The entity required to file the IRS return must also furnish a written statement to each individual listed on the return. The statement must be provided by Jan. 31 following the calendar year for which the information was required to be reported to the IRS.
The IRS may allow for a return or written statement required under this health insurance coverage reporting provision to be coordinated with the reporting requirement for large employers under Code § 6056. In Notice 2012-32, the IRS requested comments on this reporting requirement, including how to coordinate and minimize duplication of ACA reporting.
Transparency in coverage Reporting and cost-sharing disclosures – delayed until at least 2015
The ACA requires health insurance issuers seeking certification of a health plan as a QHP under an Exchange to disclose certain information to the Exchange, Department of Health and Human Services (HHS) and state insurance commissioner. QHP issuers must also make this information available to the public. The information subject to reporting includes, for example, claims payment policies and practices, data on enrollment and disenrollment, data on the number of claims denied, data on rating practices and information on cost-sharing and payments for any out-of-network coverage.
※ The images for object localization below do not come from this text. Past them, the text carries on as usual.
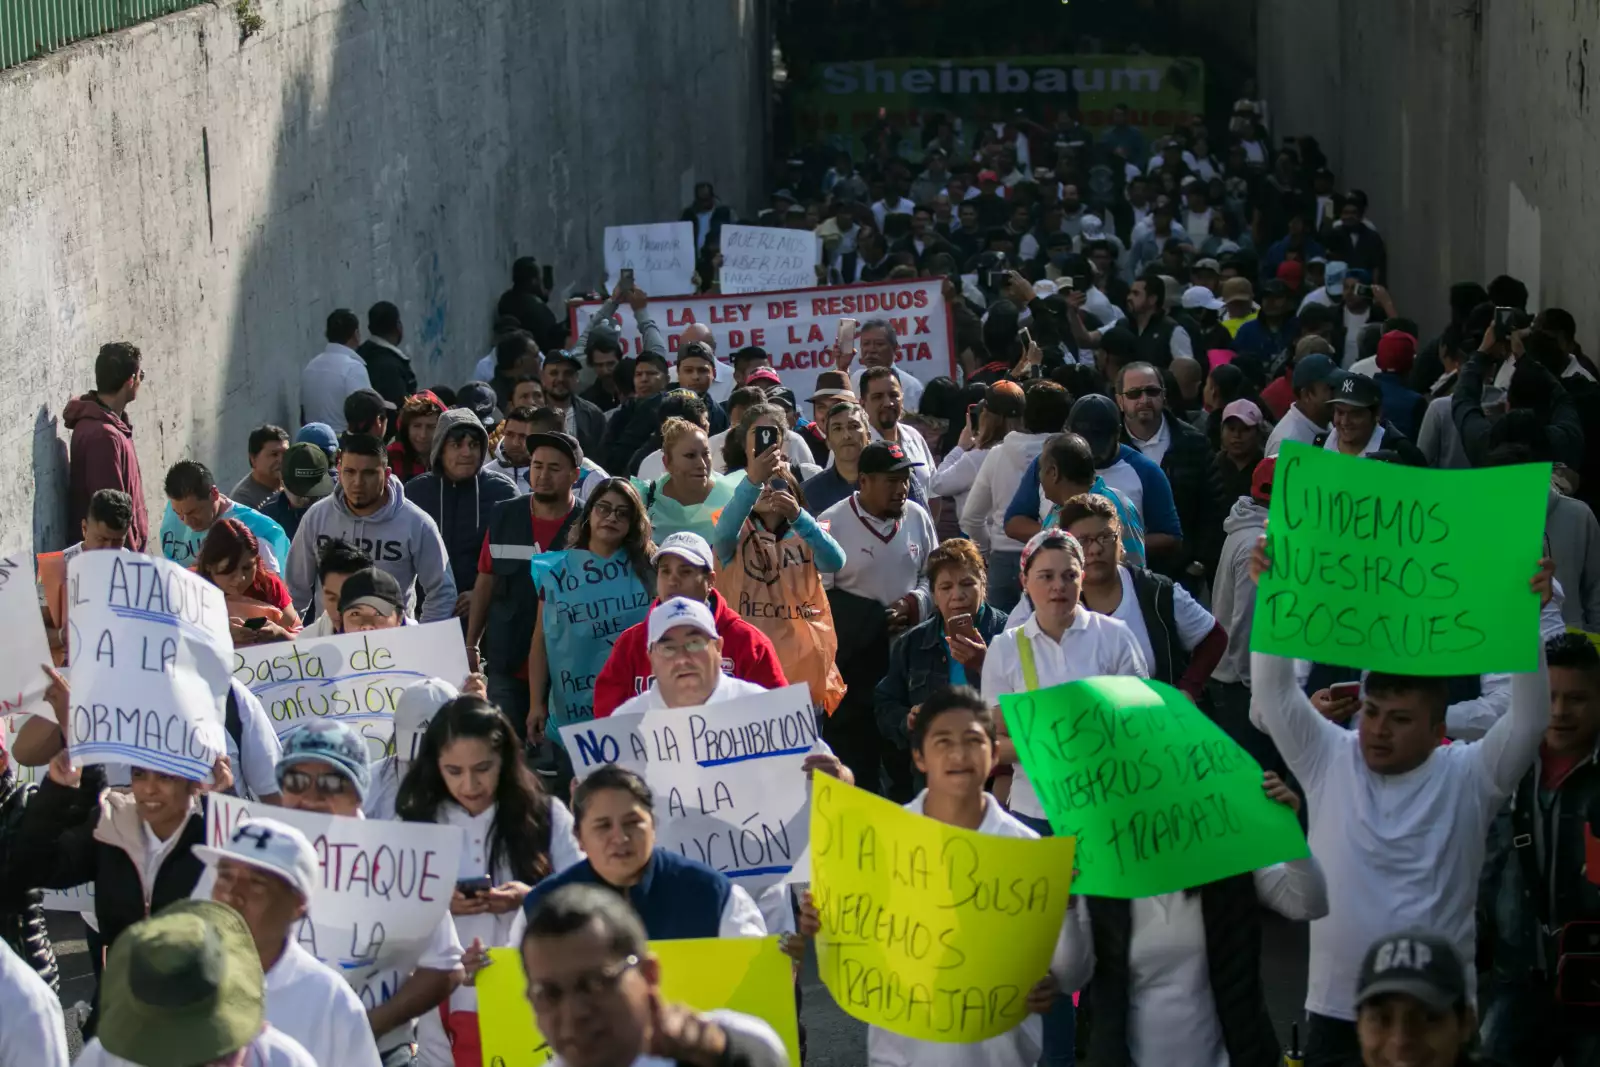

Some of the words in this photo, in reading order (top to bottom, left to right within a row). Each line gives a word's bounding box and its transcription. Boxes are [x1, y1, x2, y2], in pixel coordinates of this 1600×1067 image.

[822, 60, 1163, 95] Sheinbaum
[667, 307, 697, 327] LA
[709, 303, 752, 324] LEY
[767, 301, 799, 320] DE
[812, 289, 929, 316] RESIDUOS
[729, 328, 766, 348] DE
[787, 323, 825, 344] LA
[317, 534, 402, 561] PRIS
[1267, 534, 1460, 599] NUESTROS
[583, 558, 629, 584] SOY
[108, 556, 214, 633] ATAQUE
[557, 592, 650, 624] REUTILIZ
[1266, 590, 1486, 658] BOSQUES
[96, 629, 114, 668] A
[141, 635, 178, 679] LA
[350, 635, 396, 671] de
[561, 669, 597, 694] REC
[574, 728, 620, 767] NO
[630, 732, 648, 762] A
[653, 725, 681, 763] LA
[669, 786, 686, 817] A
[698, 780, 734, 815] LA
[313, 833, 440, 902] ATAQUE
[816, 785, 844, 858] SI
[858, 825, 876, 872] A
[893, 840, 932, 890] LA
[936, 836, 1050, 916] BOLSA
[351, 921, 386, 960] LA
[1373, 938, 1433, 974] GAP
[821, 941, 1020, 1033] TRABAJAR
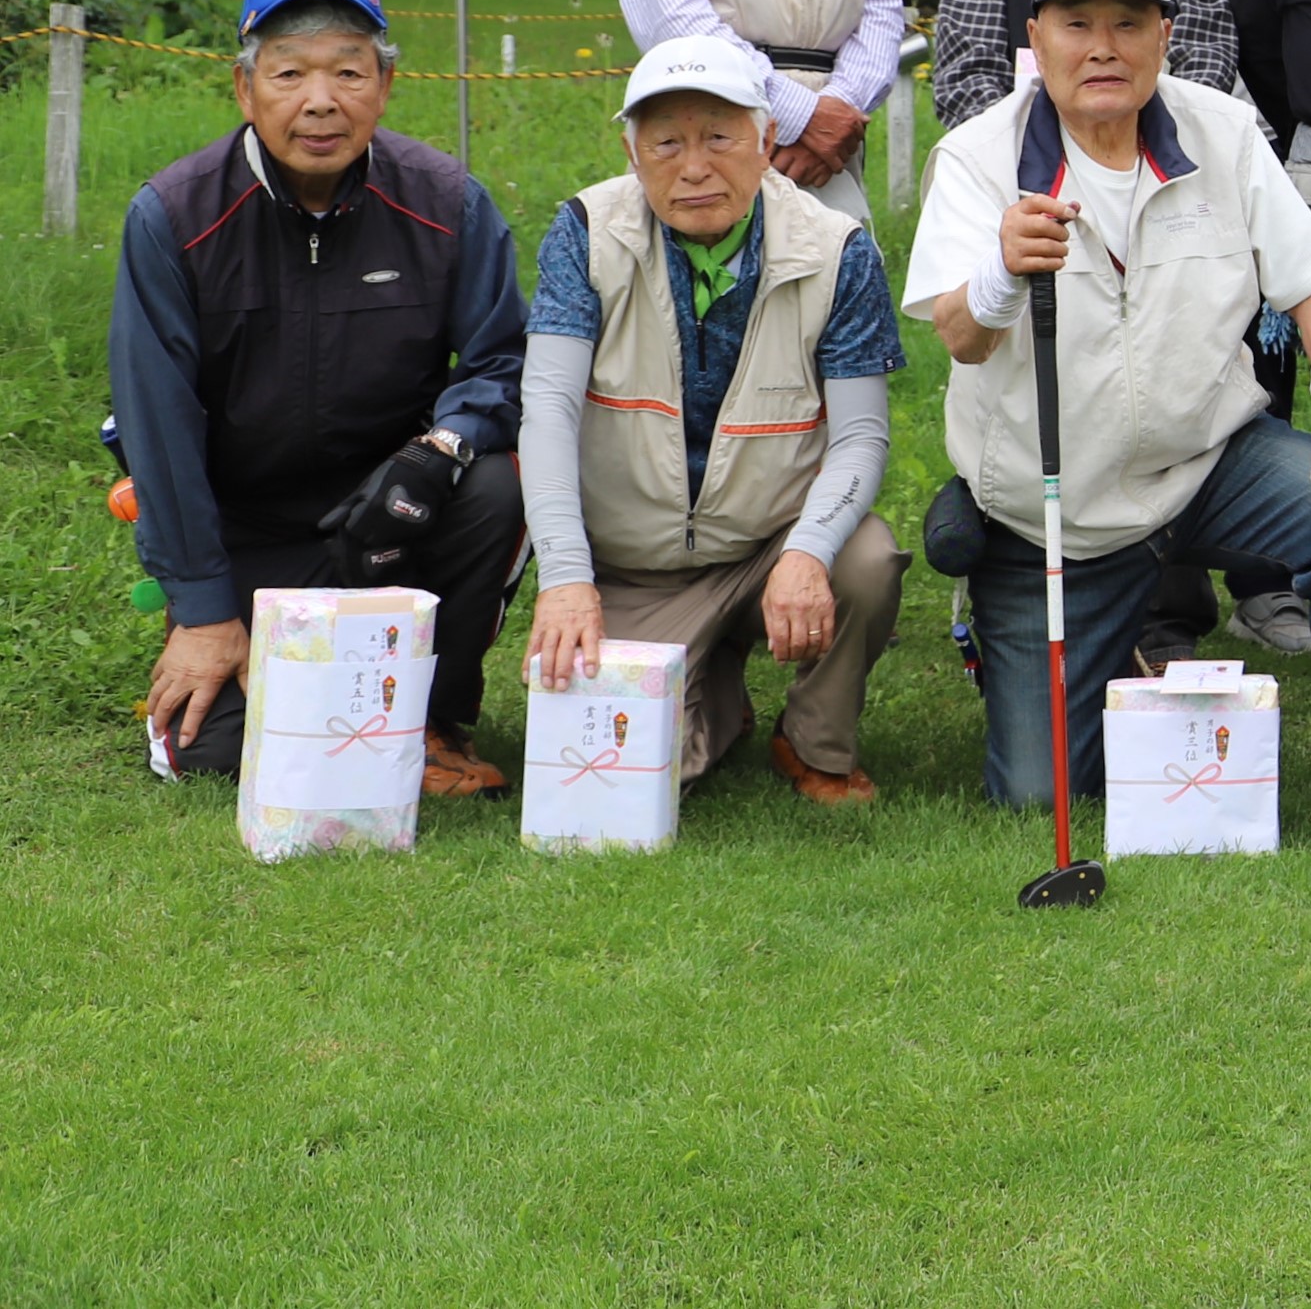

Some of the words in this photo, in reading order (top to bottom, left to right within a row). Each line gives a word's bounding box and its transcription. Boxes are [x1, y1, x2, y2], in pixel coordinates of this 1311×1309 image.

[665, 59, 707, 76] XXIO
[350, 671, 365, 714] 賞五位
[581, 706, 596, 746] 賞四位
[1184, 721, 1199, 762] 賞三位
Also, a health plan seeking QHP certification must provide certain cost-sharing disclosures (including deductibles, copayments and coinsurance) to participants upon request. At a minimum, this information must be made available through an Internet website and by other means for individuals without Internet access.
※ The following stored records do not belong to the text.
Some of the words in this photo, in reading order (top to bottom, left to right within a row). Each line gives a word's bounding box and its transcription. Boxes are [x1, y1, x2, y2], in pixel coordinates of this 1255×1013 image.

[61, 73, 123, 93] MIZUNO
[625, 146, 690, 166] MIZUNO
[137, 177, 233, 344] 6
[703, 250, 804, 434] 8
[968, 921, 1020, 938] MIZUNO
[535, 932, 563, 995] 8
The ACA’s transparency in coverage reporting and cost-sharing disclosure requirements also apply to non-grandfathered group health plans and health insurance issuers offering group or individual coverage outside of an Exchange. The reporting requirements are identical to those for QHPs, except plans and issuers outside of the Exchange are not required to report information to an Exchange.
Because QHP insurers will not have certain required data until the first year of operation, this reporting requirement will go into effect after a QHP has been certified for one benefit year. This reporting requirement will become applicable to other group health plans and insurers no sooner than when the QHP reporting requirement becomes effective.
It is expected that HHS will issue more guidance on this reporting requirement, including how it applies to health plans and issuers offering coverage outside of an Exchange.
Quality of Care Reporting – Effective date To Be Determined
The ACA requires group health plans and health insurance issuers to submit an annual report to HHS regarding plan benefits and provider “reimbursement structures” that may affect the quality of care in certain ways. Grandfathered plans are not subject to the ACA’s “quality of care” reporting requirement.
In general, the report must address whether the plan or coverage:
- Improves health outcomes through activities such as quality reporting, effective case management, care coordination, chronic disease management, and medication and care compliance initiatives (including the medical homes model);
- Implements activities to prevent hospital readmissions using a comprehensive discharge program and post-discharge reinforcement;
- Implements activities to improve patient safety and reduce medical errors through best clinical practices, evidence-based medicine and health information technology; and
- Implements wellness and health promotion activities.
The annual quality of care reports will be available to the public through an Internet website. This report must also be provided to enrollees under the plan or coverage during each open enrollment period.
The ACA does not include a compliance deadline for the quality of care reporting requirement. The ACA required HHS to issue guidance on this reporting requirement by March 23, 2012 (that is, two years after the ACA’s enactment date). However, HHS has not yet issued this guidance. When this guidance is issued, it will likely specify a compliance deadline for plans and issuers.